No young woman of education would have paid any attention
to such a vulgar superstition, but Loveday had no learning other than
what her elders had let fall in her hearing, both when she was supposed
to be listening for her betterment, and when it was thought she would
not understand the drift of their speech. And that a single magpie means
sorrow was one of the few solid facts Loveday had gleaned by following
the garnered sheaves of her elders.
Now, as she stepped over the topmost ledge of the granite stile, there
was a fanlike flutter of black and white in her very face, and she stood
a moment watching the ill-omened bird wheel and dip behind the thick
blossom of the hawthorn hedge.
"There goes my white riband," thought the ignorant girl, and yet even
with the quick fear there welled a fresh and fierce determination in her
undisciplined heart.
Her egotism, if not her superstition, was reproved when she reached
the farmhouse, and old Madgy, the midwife, coming to the pump for more
water, met her with news of what had happened not half an hour earlier.
The shallow creek of Upper Farm had been invaded by a violent and dark
tide, on whose ebb two lives had been borne away.

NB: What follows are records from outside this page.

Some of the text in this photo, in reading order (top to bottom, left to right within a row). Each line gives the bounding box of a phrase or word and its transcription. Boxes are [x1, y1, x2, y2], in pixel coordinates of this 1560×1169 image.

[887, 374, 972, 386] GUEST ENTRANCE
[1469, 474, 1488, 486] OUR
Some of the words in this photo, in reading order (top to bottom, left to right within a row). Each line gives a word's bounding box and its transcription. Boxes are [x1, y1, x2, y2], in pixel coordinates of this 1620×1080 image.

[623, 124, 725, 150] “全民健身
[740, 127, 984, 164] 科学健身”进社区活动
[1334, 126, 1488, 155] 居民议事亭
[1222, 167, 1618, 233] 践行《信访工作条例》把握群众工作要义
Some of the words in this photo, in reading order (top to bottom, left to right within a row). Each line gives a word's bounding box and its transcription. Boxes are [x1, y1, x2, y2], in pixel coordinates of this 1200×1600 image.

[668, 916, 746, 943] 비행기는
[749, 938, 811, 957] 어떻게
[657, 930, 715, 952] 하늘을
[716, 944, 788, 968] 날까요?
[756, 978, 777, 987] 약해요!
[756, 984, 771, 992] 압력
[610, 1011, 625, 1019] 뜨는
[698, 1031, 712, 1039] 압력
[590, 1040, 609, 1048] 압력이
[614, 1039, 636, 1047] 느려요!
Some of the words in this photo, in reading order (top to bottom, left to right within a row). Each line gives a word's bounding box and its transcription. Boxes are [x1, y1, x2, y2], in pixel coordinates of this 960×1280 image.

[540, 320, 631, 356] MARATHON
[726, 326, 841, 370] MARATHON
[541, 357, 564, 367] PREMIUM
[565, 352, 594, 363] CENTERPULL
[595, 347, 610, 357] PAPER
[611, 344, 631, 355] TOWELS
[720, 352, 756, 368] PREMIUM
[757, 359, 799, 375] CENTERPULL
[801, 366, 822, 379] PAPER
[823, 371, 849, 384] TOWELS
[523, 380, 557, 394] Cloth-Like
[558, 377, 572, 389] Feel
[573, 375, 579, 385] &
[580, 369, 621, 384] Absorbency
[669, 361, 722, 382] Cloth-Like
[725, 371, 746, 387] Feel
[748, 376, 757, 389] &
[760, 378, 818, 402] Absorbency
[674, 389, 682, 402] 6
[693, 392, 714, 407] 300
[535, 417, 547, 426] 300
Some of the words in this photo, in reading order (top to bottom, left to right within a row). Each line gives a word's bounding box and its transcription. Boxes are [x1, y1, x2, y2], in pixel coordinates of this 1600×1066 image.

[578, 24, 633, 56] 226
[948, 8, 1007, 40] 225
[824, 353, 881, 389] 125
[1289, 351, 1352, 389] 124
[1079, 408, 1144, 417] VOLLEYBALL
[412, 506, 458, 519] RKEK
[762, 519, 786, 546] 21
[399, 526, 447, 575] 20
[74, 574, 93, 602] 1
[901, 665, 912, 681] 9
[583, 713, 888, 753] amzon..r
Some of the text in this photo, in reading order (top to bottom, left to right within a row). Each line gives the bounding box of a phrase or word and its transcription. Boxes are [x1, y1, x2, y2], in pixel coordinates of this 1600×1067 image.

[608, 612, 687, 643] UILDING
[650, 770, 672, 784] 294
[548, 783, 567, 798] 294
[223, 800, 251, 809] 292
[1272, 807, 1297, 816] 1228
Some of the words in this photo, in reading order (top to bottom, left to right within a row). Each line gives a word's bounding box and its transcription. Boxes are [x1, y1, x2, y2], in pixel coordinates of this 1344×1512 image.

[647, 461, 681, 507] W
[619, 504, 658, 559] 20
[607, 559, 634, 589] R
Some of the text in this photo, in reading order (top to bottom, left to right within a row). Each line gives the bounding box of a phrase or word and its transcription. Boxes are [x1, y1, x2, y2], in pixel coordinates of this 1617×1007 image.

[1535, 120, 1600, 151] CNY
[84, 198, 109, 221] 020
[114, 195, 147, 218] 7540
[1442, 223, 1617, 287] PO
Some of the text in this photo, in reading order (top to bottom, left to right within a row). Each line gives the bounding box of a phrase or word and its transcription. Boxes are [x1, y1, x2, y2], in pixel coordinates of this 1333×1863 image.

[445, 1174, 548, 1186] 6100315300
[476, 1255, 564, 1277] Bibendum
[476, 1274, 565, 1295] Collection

Loveday, staring up
at Primrose's room, saw the withered hand of old Mrs. Lear draw the
curtains across the window behind which lay a dead mother and a babe
that had never lived.

CHAPTER X: IN WHICH LOVEDAY DOES NOT
ATTEND A FUNERAL


Chapter X
IN WHICH LOVEDAY DOES NOT ATTEND A FUNERAL

"A couple of months too soon her pains took her," said Madgy; "she has
been fretting and wisht these weeks past, with her husband always after
some young faggot up country and herself sick with envy at the girls
that could still dance with the chaps.